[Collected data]
════════════════
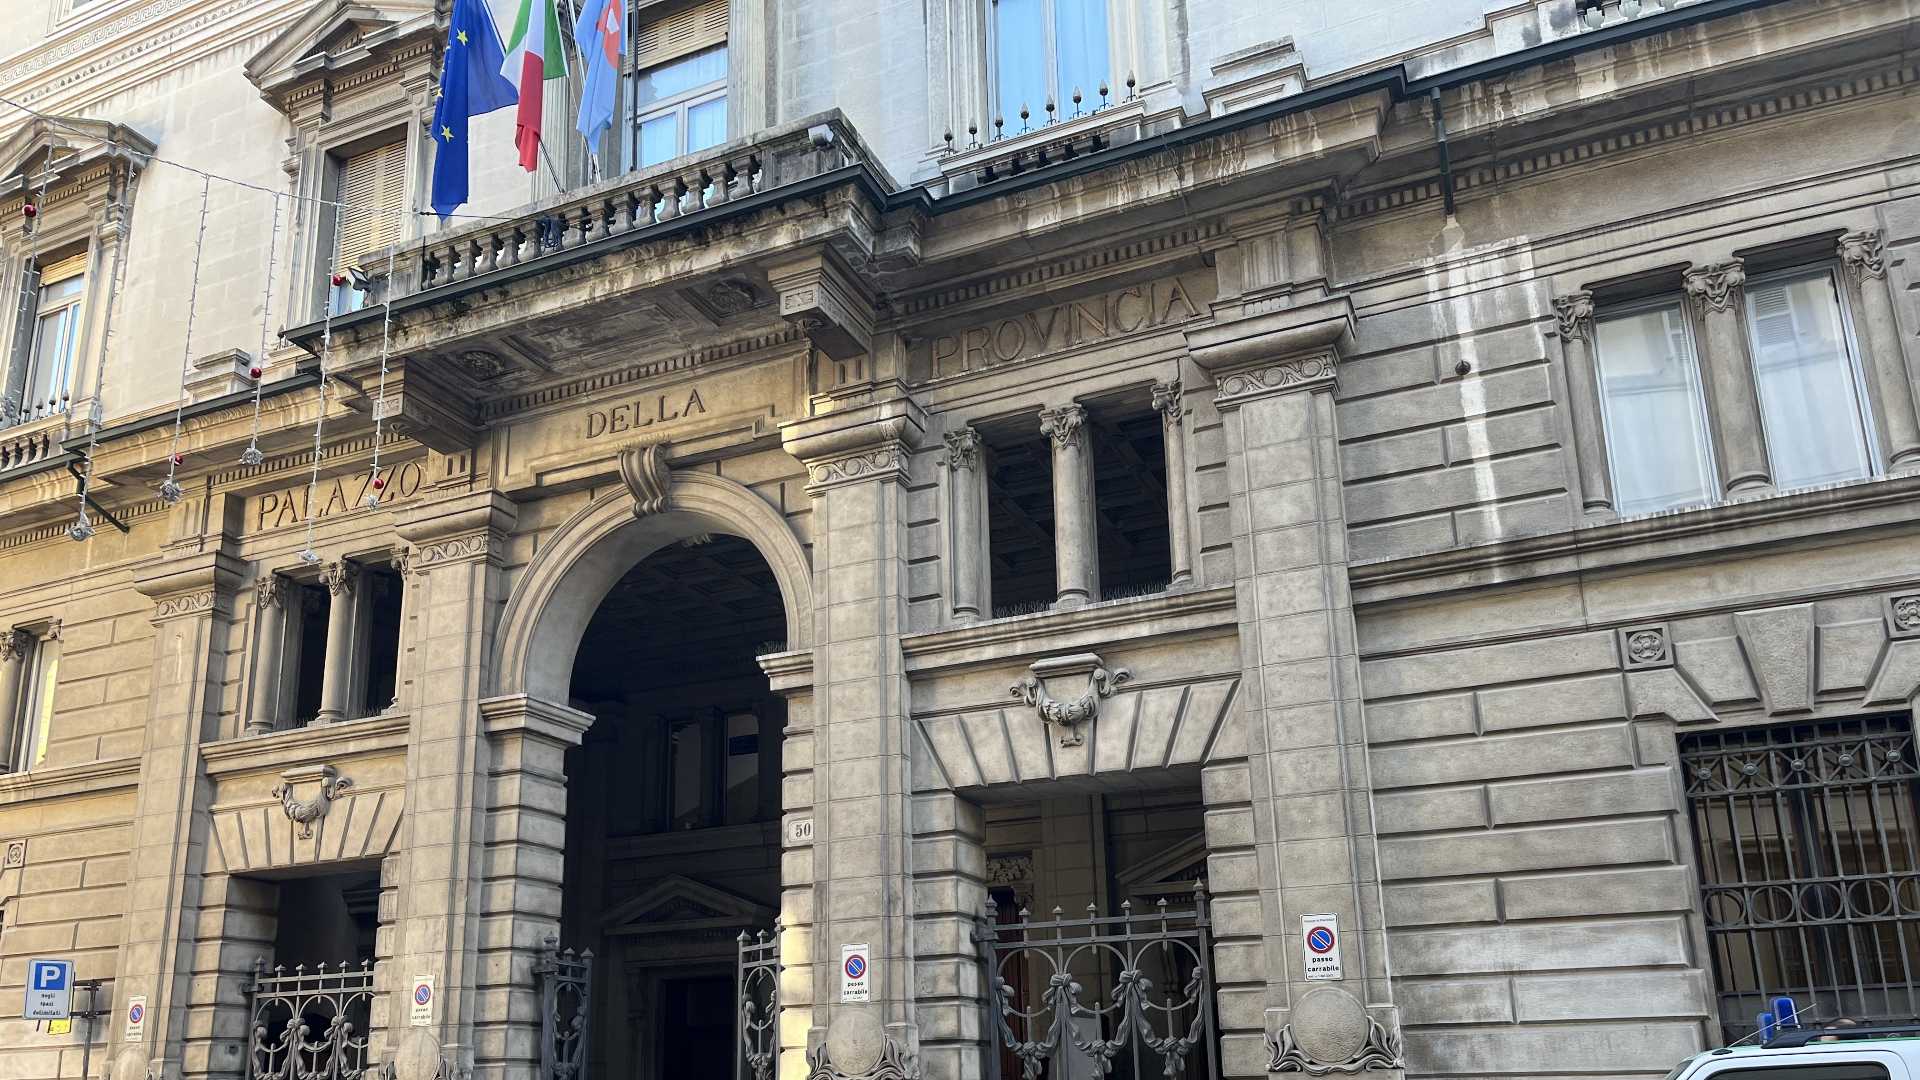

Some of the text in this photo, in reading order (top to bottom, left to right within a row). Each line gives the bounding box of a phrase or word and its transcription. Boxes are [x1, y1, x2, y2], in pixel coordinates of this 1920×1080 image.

[257, 277, 1200, 531] PALAZZO DELLA PROVINCIA
[796, 822, 811, 838] 50
[40, 965, 61, 988] P
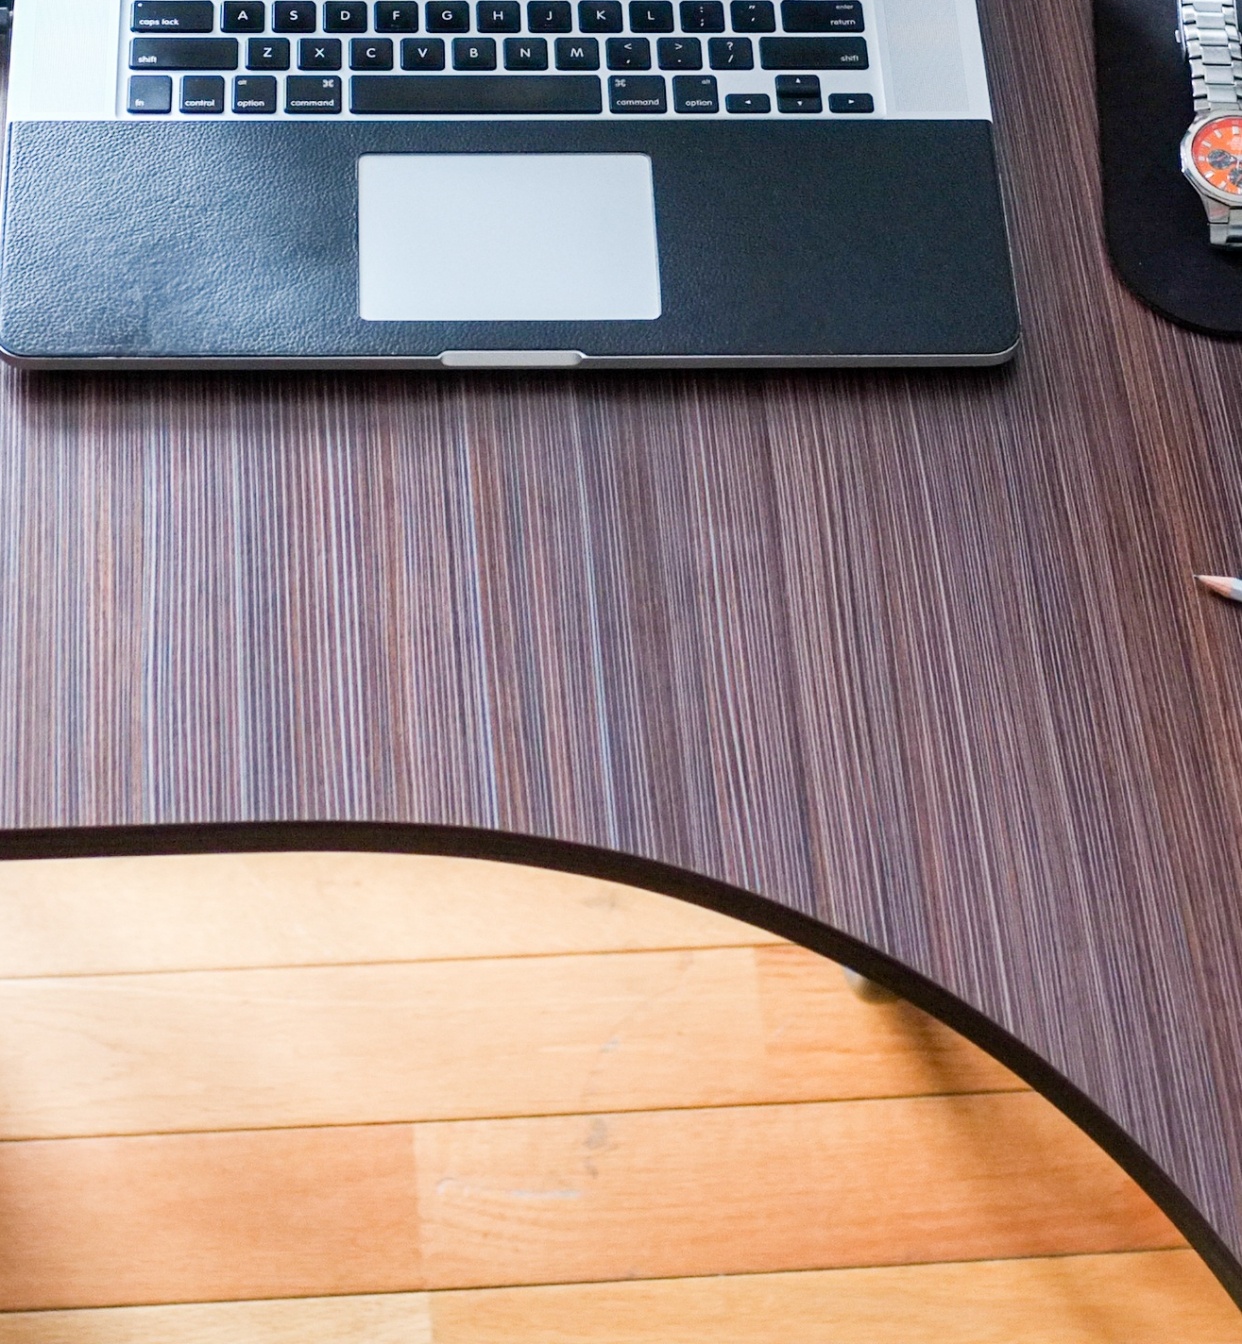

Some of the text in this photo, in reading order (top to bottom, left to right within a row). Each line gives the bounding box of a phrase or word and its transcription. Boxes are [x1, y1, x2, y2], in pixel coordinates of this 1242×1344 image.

[238, 11, 248, 20] A
[290, 10, 298, 20] S
[341, 11, 350, 20] D
[393, 11, 399, 20] F
[442, 11, 452, 20] G
[493, 11, 503, 20] H
[547, 11, 552, 20] J
[597, 11, 606, 19] K
[648, 11, 654, 20] L
[263, 48, 272, 57] Z
[315, 48, 324, 57] X
[366, 48, 375, 58] C
[418, 48, 427, 57] V
[470, 48, 478, 57] B
[520, 48, 530, 57] N
[571, 48, 583, 57] M
════════════════
## PROBLEM:
Only this range is to be output: the line that contains "this 1242×1344 image." through the last line of the records above, both inclusive.

## SOLUTION FOR THIS TASK:
Some of the text in this photo, in reading order (top to bottom, left to right within a row). Each line gives the bounding box of a phrase or word and its transcription. Boxes are [x1, y1, x2, y2], in pixel coordinates of this 1242×1344 image.

[238, 11, 248, 20] A
[290, 10, 298, 20] S
[341, 11, 350, 20] D
[393, 11, 399, 20] F
[442, 11, 452, 20] G
[493, 11, 503, 20] H
[547, 11, 552, 20] J
[597, 11, 606, 19] K
[648, 11, 654, 20] L
[263, 48, 272, 57] Z
[315, 48, 324, 57] X
[366, 48, 375, 58] C
[418, 48, 427, 57] V
[470, 48, 478, 57] B
[520, 48, 530, 57] N
[571, 48, 583, 57] M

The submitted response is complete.